Areal pondok nenek dikelilingi rumput hijau yang tertata apik. Nenek memberi nama rumput Teki. Tak jauh dari rumput mendekati hutan, di bawah pohon tua beringin dan kepel, ada mata air yang ditumbuhi lumut hijau. Lumut yang juga mengerti keindahan ini membentuk hijau menawan tumbuh di atas bebatuan, nenek Dingin menamainya Lumutan. Sementara di seberangnya, tepat bersebelahan dengan rumput cantik itu ada rumput nakal bernama Koreng.

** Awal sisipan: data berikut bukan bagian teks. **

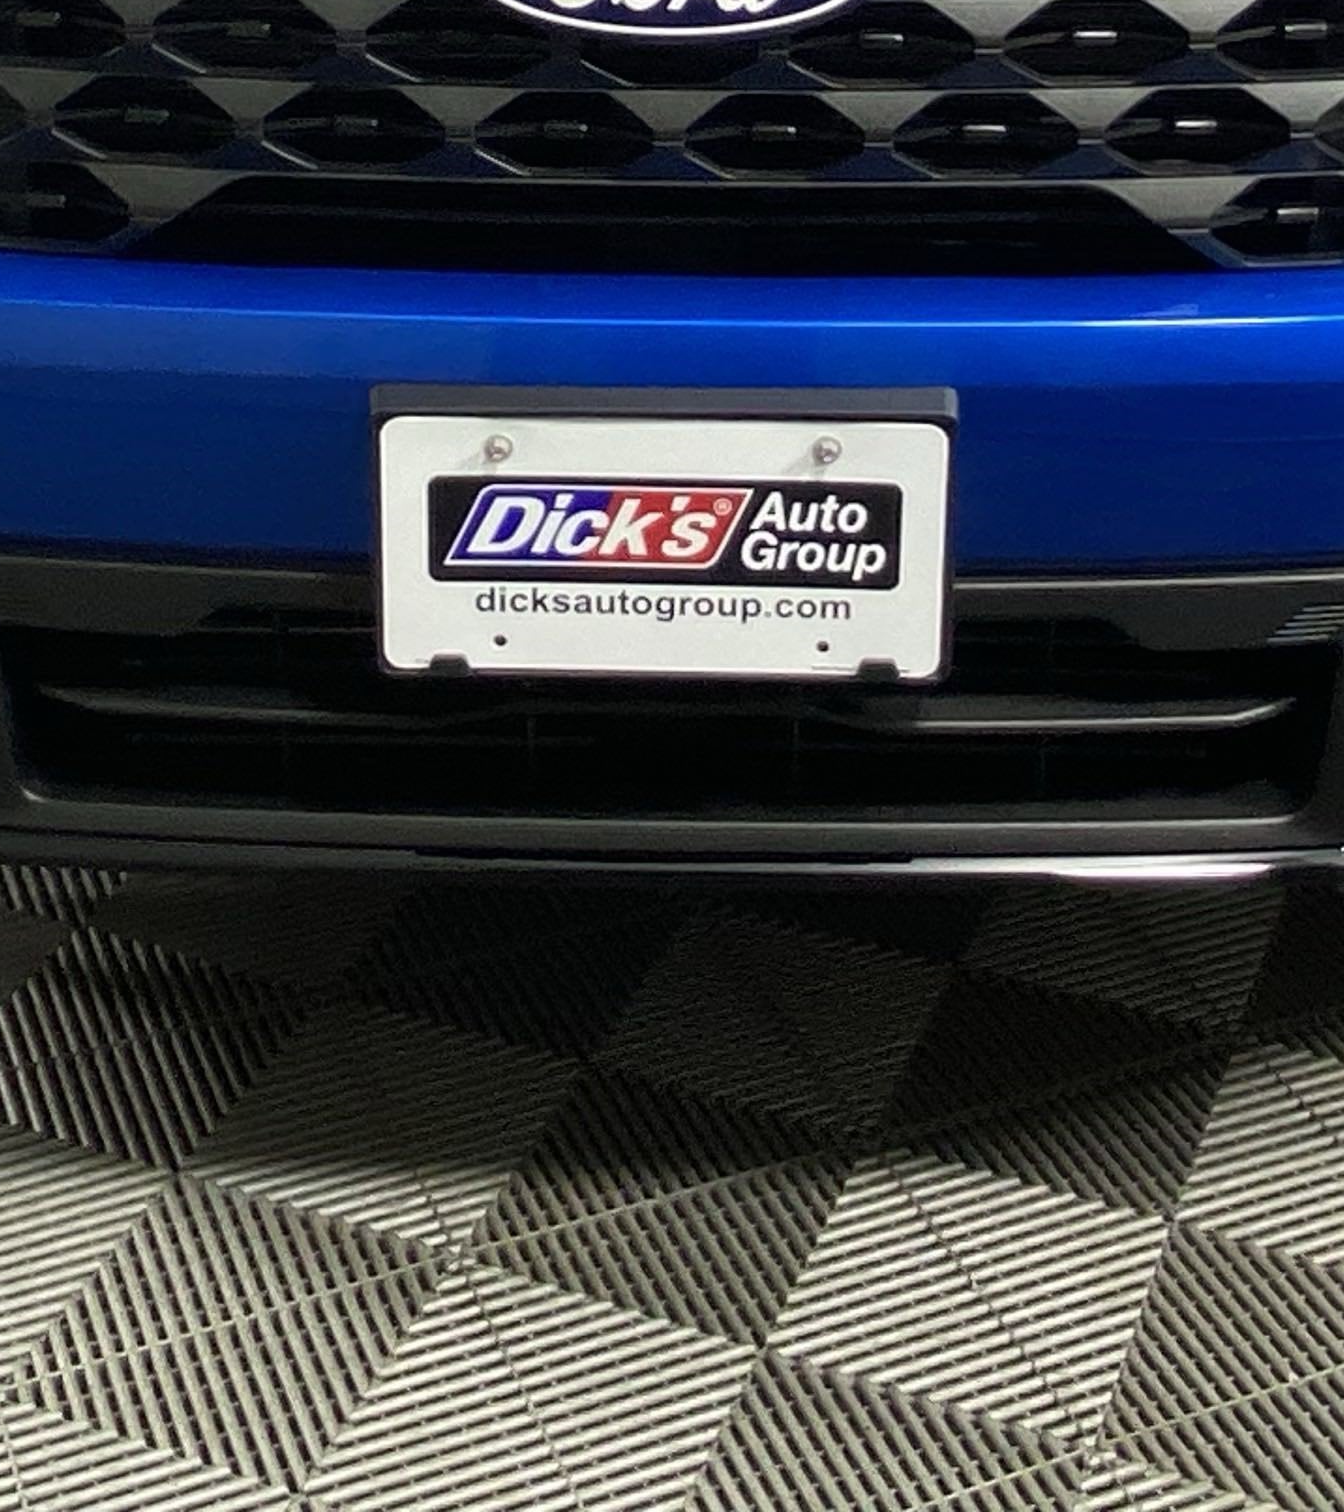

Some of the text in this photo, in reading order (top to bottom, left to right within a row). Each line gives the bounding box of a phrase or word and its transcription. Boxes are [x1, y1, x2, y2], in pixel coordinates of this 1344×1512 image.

[749, 491, 869, 534] Auto
[740, 530, 887, 582] Group
[475, 586, 852, 623] dicksautogroup.com

Ketiga jenis rumput itu telah menyatu di hati nenek, seperti layaknya seorang ibu kepada ketiga anaknya.
Pagi itu saat nenek tengah istirahat di pondoknya. Koreng mengganggu rumput Teki. Meminta bantuan angin dia jatuhkan tubuhnya di antara hamparan rumput Teki yang tertata rapi. Sontak rumput Teki yang sedang beranjangsana sesama rumput Teki lainnya merasa terganggu. Rumput Teki yang merasa tertindih Koreng menjerit kesakitan.
“Aduh! Koreng! Apa yang kau lakukan, segera pergi, sakit sekali. Aduuuh. Tolooong!”
Koreng tertawa senang, bukan berpindah atau kembali pulang, Koreng malah mengeraskan himpitan, hal ini diikuti teman-temannya sesama Koreng. Mereka menyebar mengganggu rumput Teki hingga timbul kegaduhan.
Lumutan yang bijak, mulai merasakan hal yang tak wajar setelah melihat kawanan Koreng semakin banyak mengganggu rumput Teki, mulai angkat bicara.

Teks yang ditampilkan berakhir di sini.